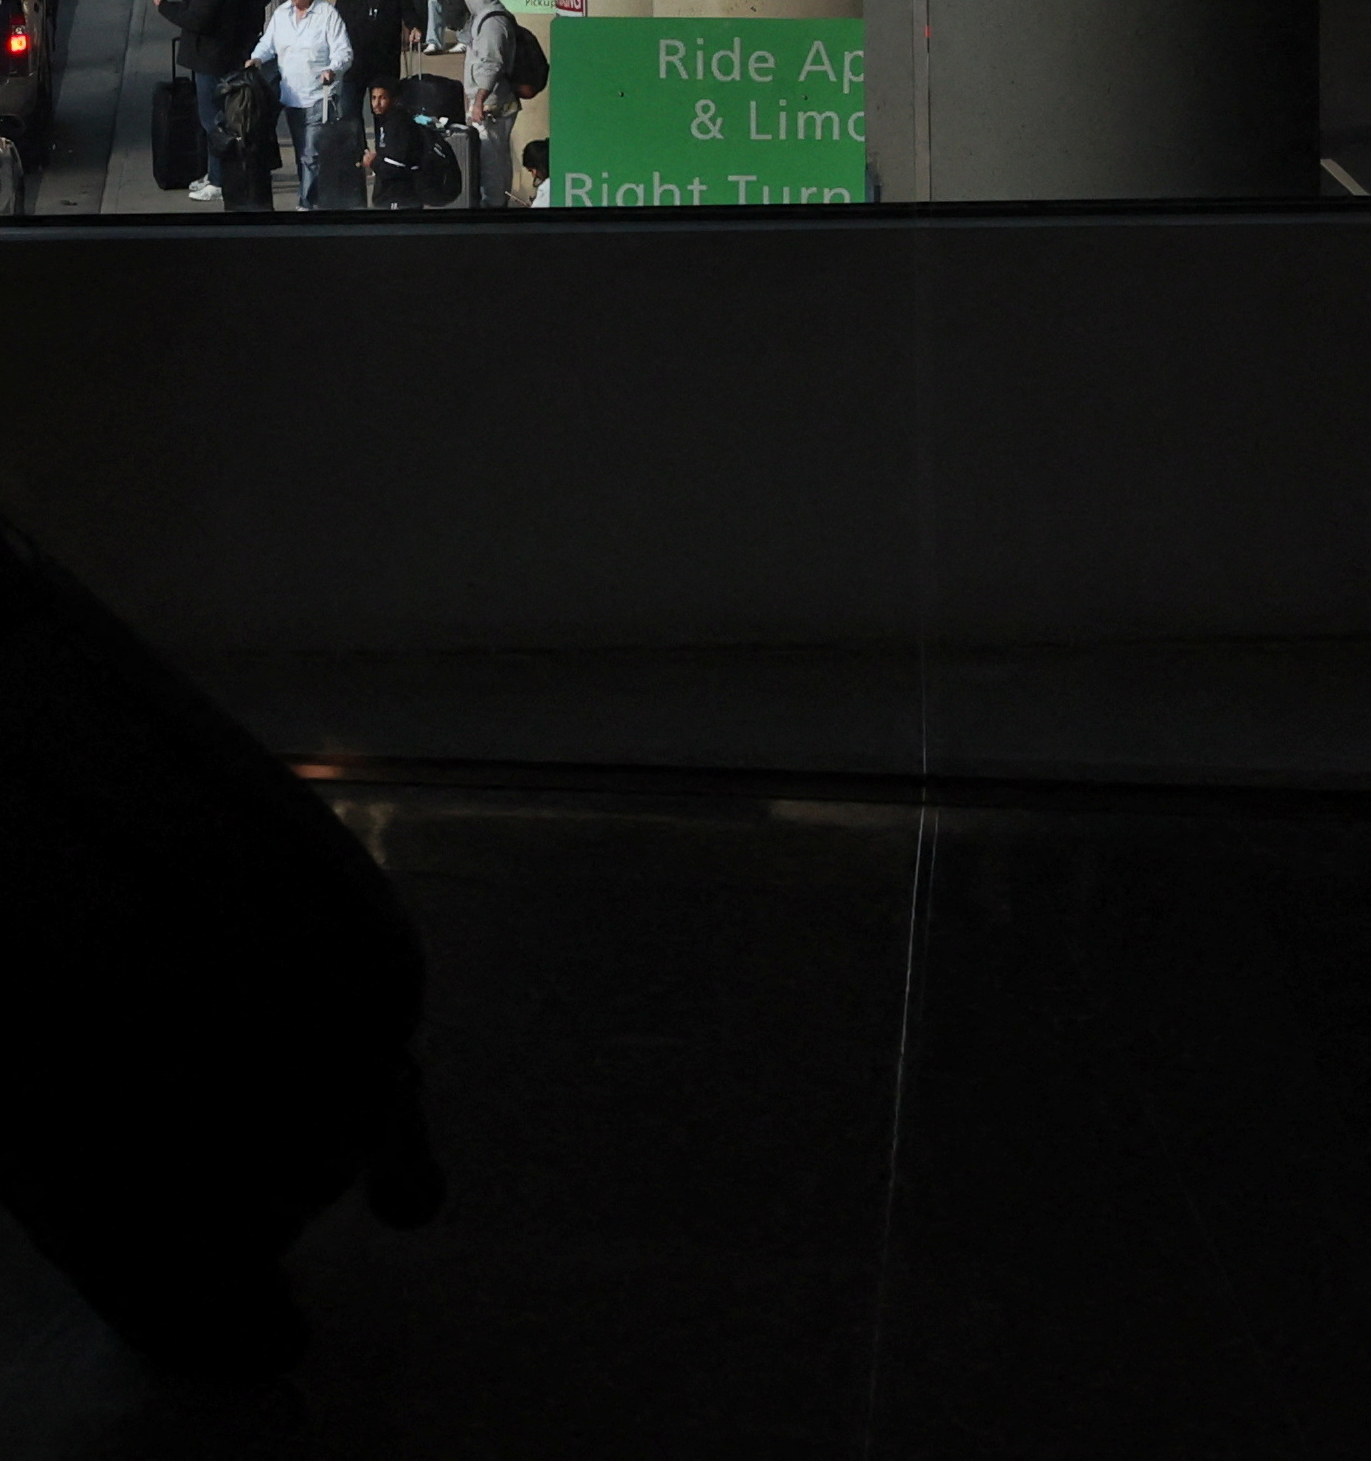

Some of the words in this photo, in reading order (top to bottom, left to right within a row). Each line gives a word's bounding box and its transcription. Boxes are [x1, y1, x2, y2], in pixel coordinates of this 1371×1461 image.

[659, 37, 775, 82] Ride
[798, 40, 865, 94] Ap
[690, 99, 725, 140] &
[564, 172, 708, 207] Right
[728, 175, 852, 205] Turn
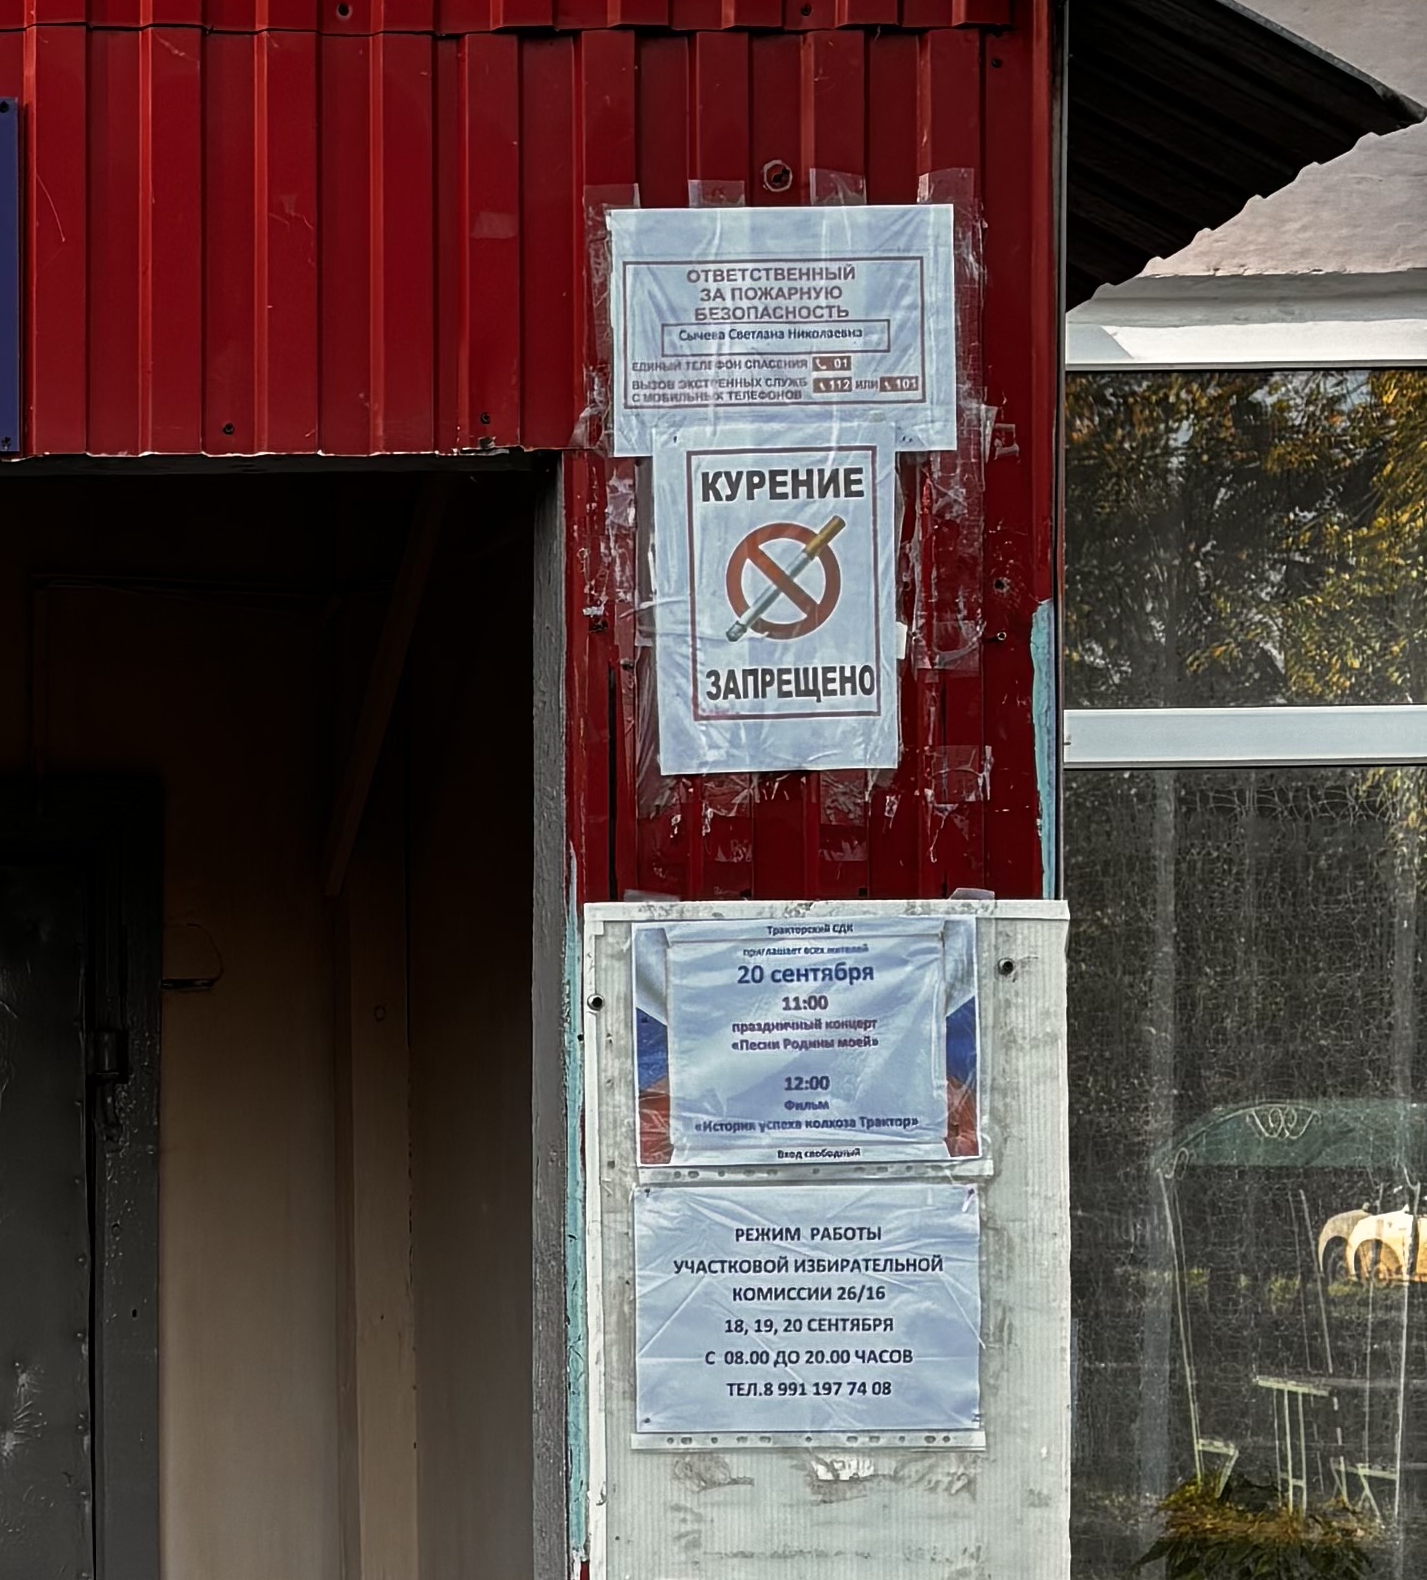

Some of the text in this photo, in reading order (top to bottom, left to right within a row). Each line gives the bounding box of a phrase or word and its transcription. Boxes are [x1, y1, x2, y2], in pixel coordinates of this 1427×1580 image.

[687, 264, 855, 283] ОТВЕТСТВЕННЫЙ
[700, 286, 842, 301] ЗА ПОЖАРНУЮ
[695, 305, 851, 323] БЕЗОПАСНОСТЬ
[729, 329, 784, 340] Светлана
[834, 359, 847, 367] 01
[829, 380, 850, 389] 112
[855, 381, 878, 389] ИЛИ
[895, 380, 917, 389] 101
[702, 467, 864, 502] КУРЕНИЕ
[706, 665, 874, 703] ЗАПРЕЩЕНО
[833, 924, 853, 933] СДК
[738, 962, 873, 985] 20 сентября
[782, 995, 828, 1010] 11:00
[732, 1018, 877, 1034] праздничный концерт
[732, 1036, 878, 1051] «Песни Родины моей»
[785, 1076, 829, 1090] 12:00
[784, 1100, 829, 1110] Фильм
[859, 1116, 918, 1130] Трактор»
[736, 1227, 881, 1242] РЕЖИМ РАБОТЫ
[674, 1255, 943, 1274] УЧАСТКОВОЙ ИЗБИРАТЕЛЬНОЙ
[733, 1285, 885, 1302] КОМИССИИ 26/16
[725, 1318, 893, 1335] 18, 19, 20 СЕНТЯБРЯ
[705, 1349, 912, 1367] С 08.00 ДО 20.00 ЧАСОВ
[726, 1382, 891, 1396] ТЕЛ.8 991 197 74 08
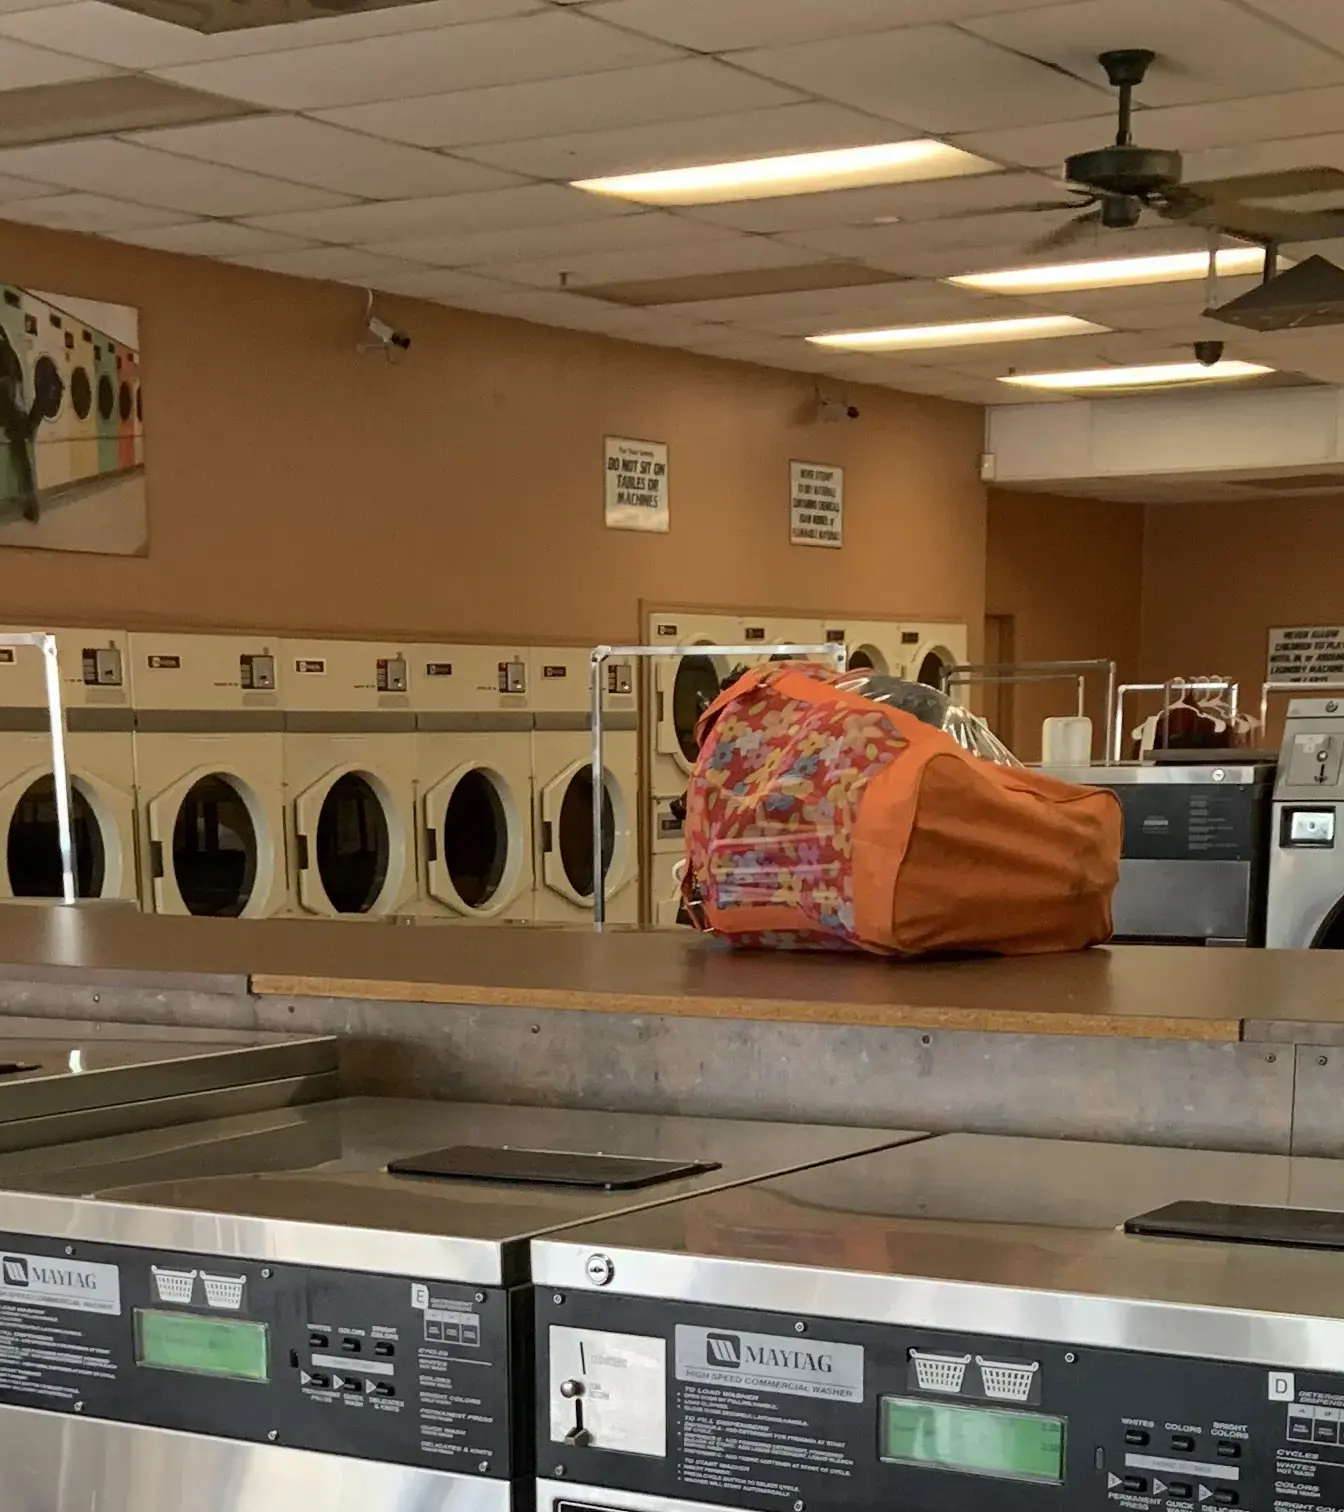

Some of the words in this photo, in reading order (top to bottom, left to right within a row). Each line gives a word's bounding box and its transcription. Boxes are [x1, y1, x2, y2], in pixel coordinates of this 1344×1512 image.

[608, 457, 619, 470] DO
[622, 459, 637, 472] NOT
[640, 461, 651, 474] SIT
[617, 474, 645, 490] TABLES
[32, 1267, 97, 1289] MAYTAG
[417, 1290, 424, 1303] E
[744, 1345, 832, 1373] MAYTAG
[712, 1373, 742, 1384] SPEED
[744, 1377, 809, 1392] COMMERCIAL
[812, 1386, 853, 1397] WASHER
[1276, 1379, 1287, 1393] D
[1121, 1417, 1155, 1428] WHITES
[1164, 1422, 1202, 1434] COLORS
[1213, 1422, 1248, 1432] BRIGHT
[1210, 1429, 1249, 1439] COLORS
[1276, 1449, 1319, 1460] CYCLES
[1275, 1481, 1320, 1492] COLORS
[1108, 1492, 1162, 1505] PERMANENT
[1119, 1500, 1150, 1511] PRESS
[1166, 1500, 1194, 1510] QUICK
[1274, 1500, 1314, 1510] BRIGHT
──────
§ TASK INSTRUCTIONS
For this exercise, copy the lines from the one that contains "this 1344×1512 image." through the last line of the records, exactly and only those.

§ EXPECTED OUTPUT
Some of the words in this photo, in reading order (top to bottom, left to right within a row). Each line gives a word's bounding box and its transcription. Boxes are [x1, y1, x2, y2], in pixel coordinates of this 1344×1512 image.

[608, 457, 619, 470] DO
[622, 459, 637, 472] NOT
[640, 461, 651, 474] SIT
[617, 474, 645, 490] TABLES
[32, 1267, 97, 1289] MAYTAG
[417, 1290, 424, 1303] E
[744, 1345, 832, 1373] MAYTAG
[712, 1373, 742, 1384] SPEED
[744, 1377, 809, 1392] COMMERCIAL
[812, 1386, 853, 1397] WASHER
[1276, 1379, 1287, 1393] D
[1121, 1417, 1155, 1428] WHITES
[1164, 1422, 1202, 1434] COLORS
[1213, 1422, 1248, 1432] BRIGHT
[1210, 1429, 1249, 1439] COLORS
[1276, 1449, 1319, 1460] CYCLES
[1275, 1481, 1320, 1492] COLORS
[1108, 1492, 1162, 1505] PERMANENT
[1119, 1500, 1150, 1511] PRESS
[1166, 1500, 1194, 1510] QUICK
[1274, 1500, 1314, 1510] BRIGHT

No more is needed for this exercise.